Энергично фырча и брызгаясь, Глушков быстренько умылся на общей кухне, утерся и, с часами в руке, вернулся в комнату. Его прямо распирало желание рассказать о происшествии. Воображая, как заахает сейчас мамаша, он, улыбаясь, раскрыл уже рот…
– А что это, Пашенька, ты так торопился утром на службу? Не случилось ли чего? – участливо поинтересовалась та, наливая ему полный половник.
– Разве? Да нет, вроде. То есть случилось конечно, но это потом, а утром я никуда особо не спешил.
– Как же не спешил, когда ты даже свои любимые часы позабыл надеть.
– Часы? Какие часы?
– Как какие? Те самые, которыми тебя на Новый год наградили!
Глушков вскочил и кинулся за ширму. Действительно, на этажерке, на обычном своем месте, поблескивали его часы. Совершенно очумев, он глянул на те, что сжимал в руке. Они были точно такими же, марки «Победа», и с такой же браслеткой, только надпись на крышке была другая: «Дорогому сыночку Витеньке от мамы».
Глава 22. Под шашлычок
– А я не хочу! Можете вы понять? Не хочу, и всё!
– Поверьте, Манечка, я это предложил, исключительно исходя из…
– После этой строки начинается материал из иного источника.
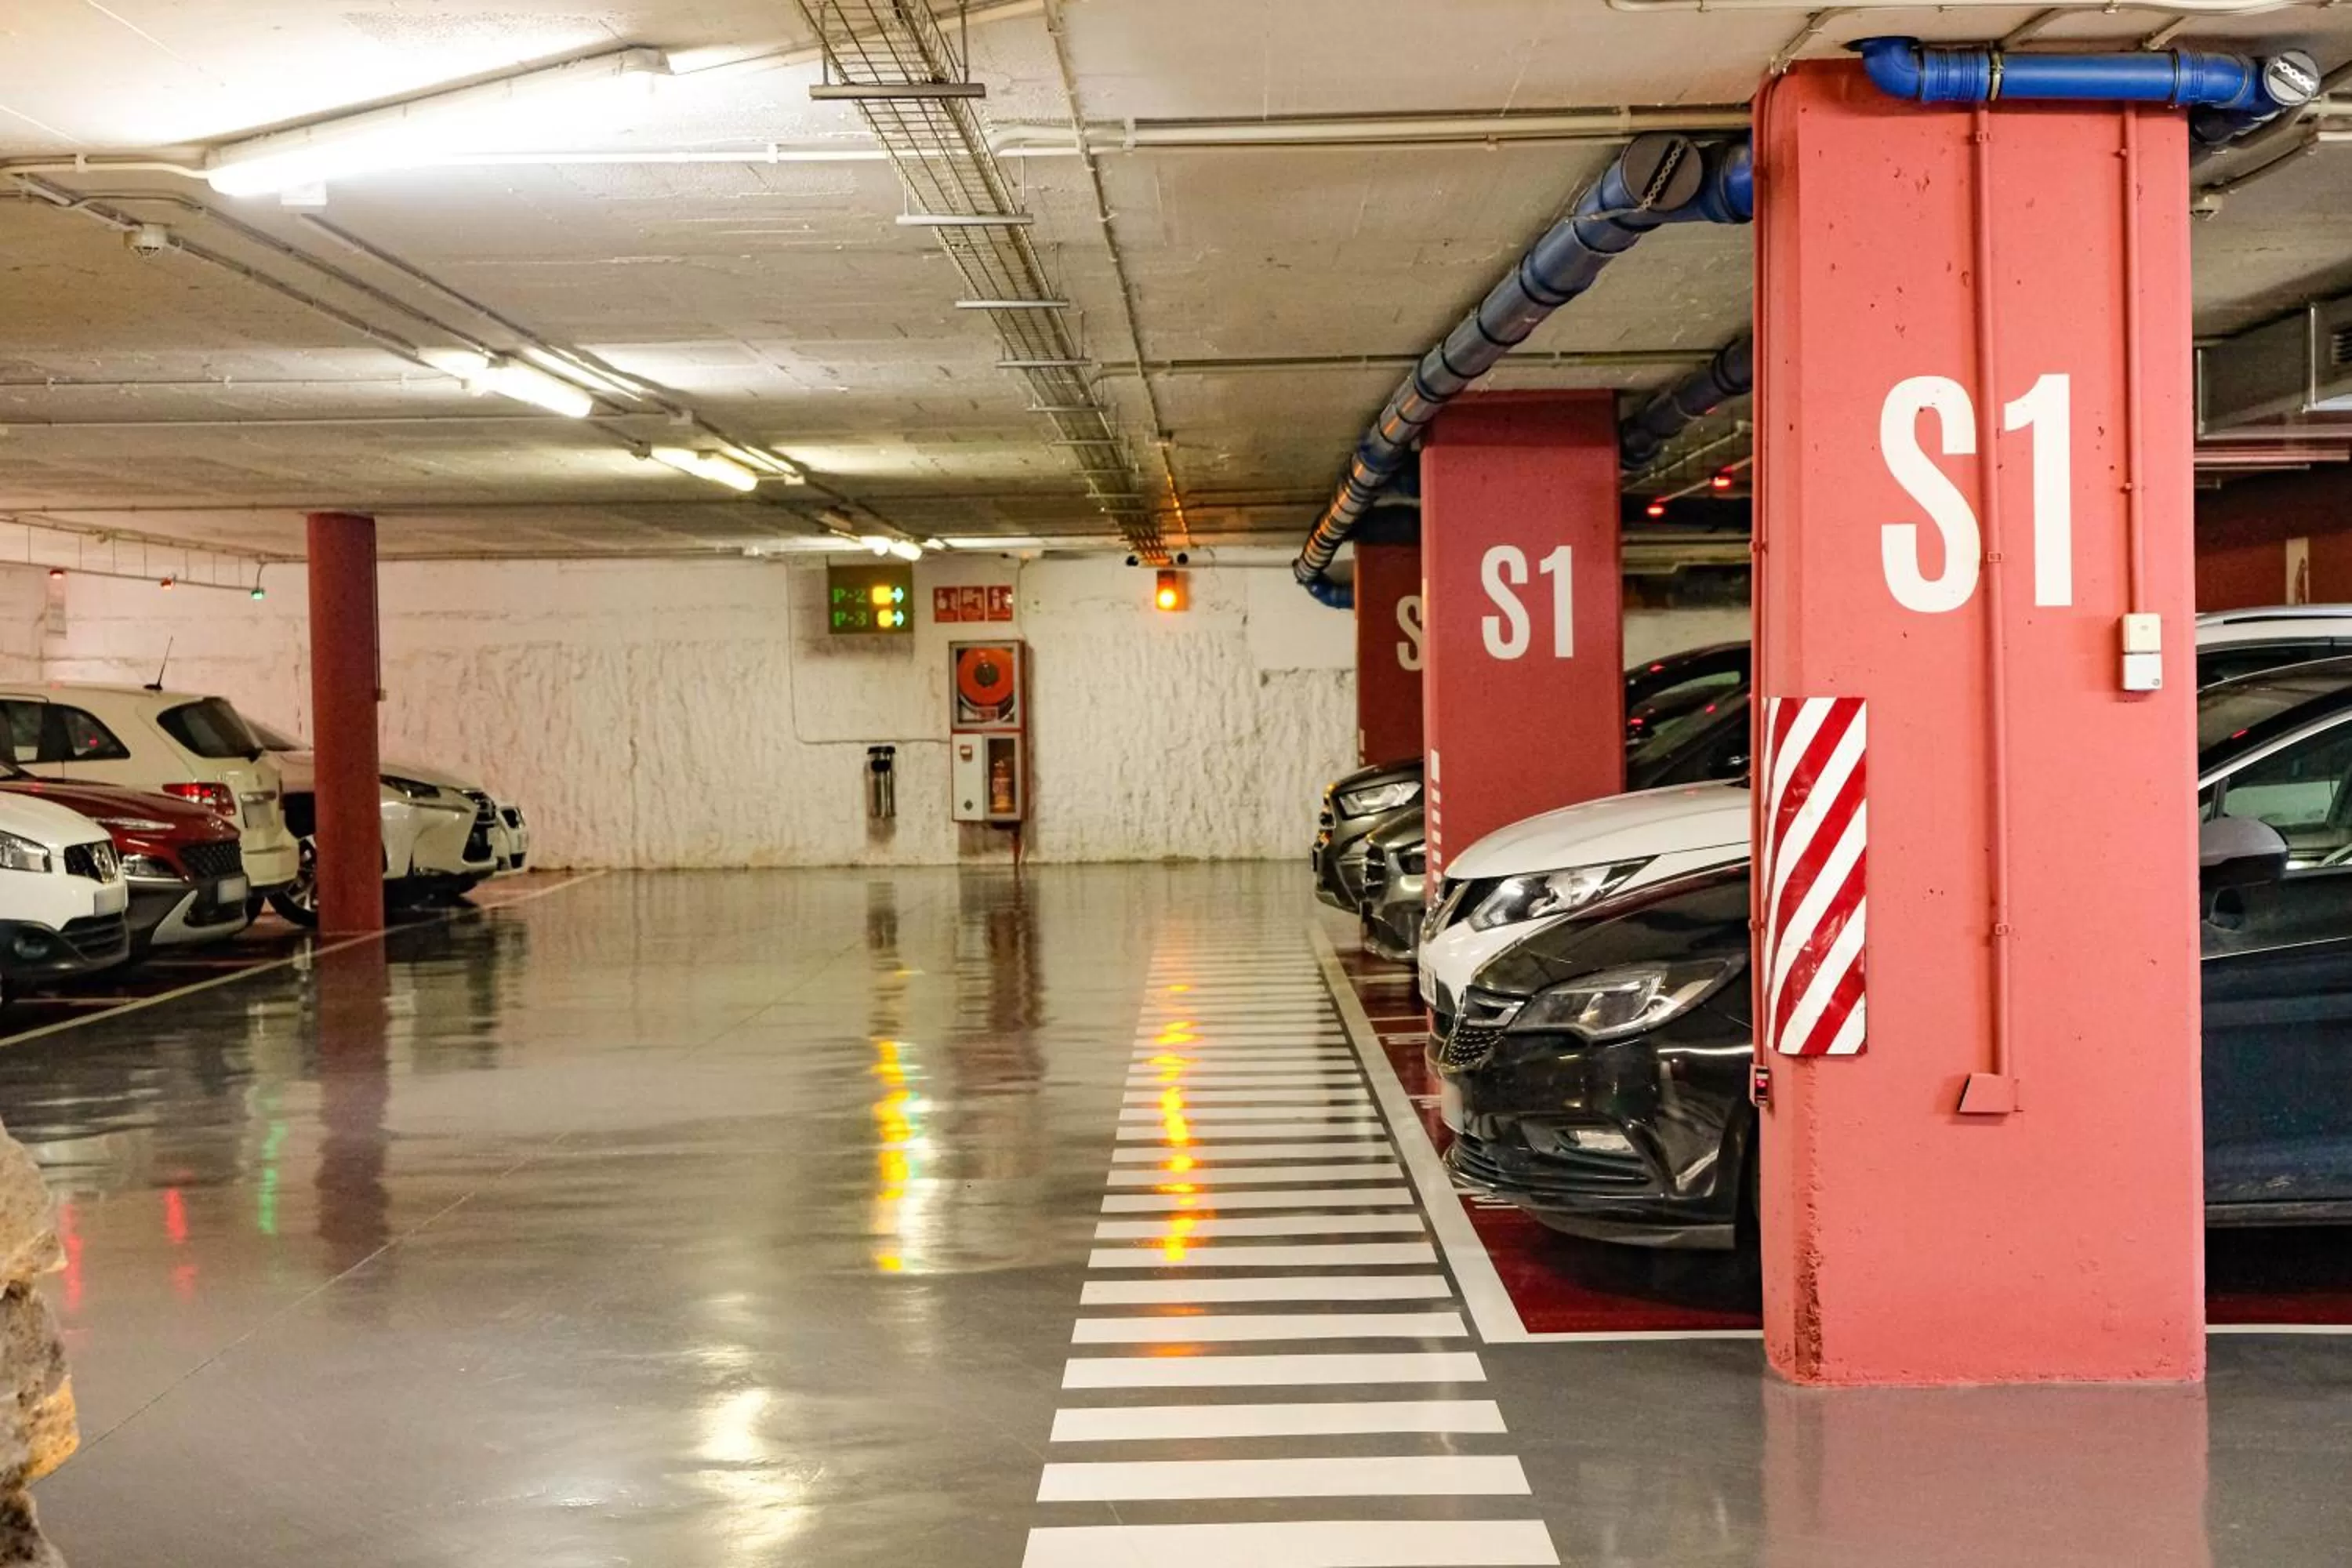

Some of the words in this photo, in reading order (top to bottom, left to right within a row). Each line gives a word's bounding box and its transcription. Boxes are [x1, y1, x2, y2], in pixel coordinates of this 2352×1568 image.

– Никакая я вам не Манечка, сколько раз можно повторять? Дождетесь, что я окончательно на вас обижусь!
– Ну хорошо, Машенька…
– Час от часу не легче! Положительно, Свирский, вы сегодня просто в ударе. Буквально всё делаете, чтобы только меня рассердить.
– Как же мне вас называть?
– Я – Маргарита! Мар-га-ри-та. И перестаньте все время меня трогать, что за манера, в конце концов? И вовсе тут не круто, я прекрасно сама могу идти безо всякой вашей помощи!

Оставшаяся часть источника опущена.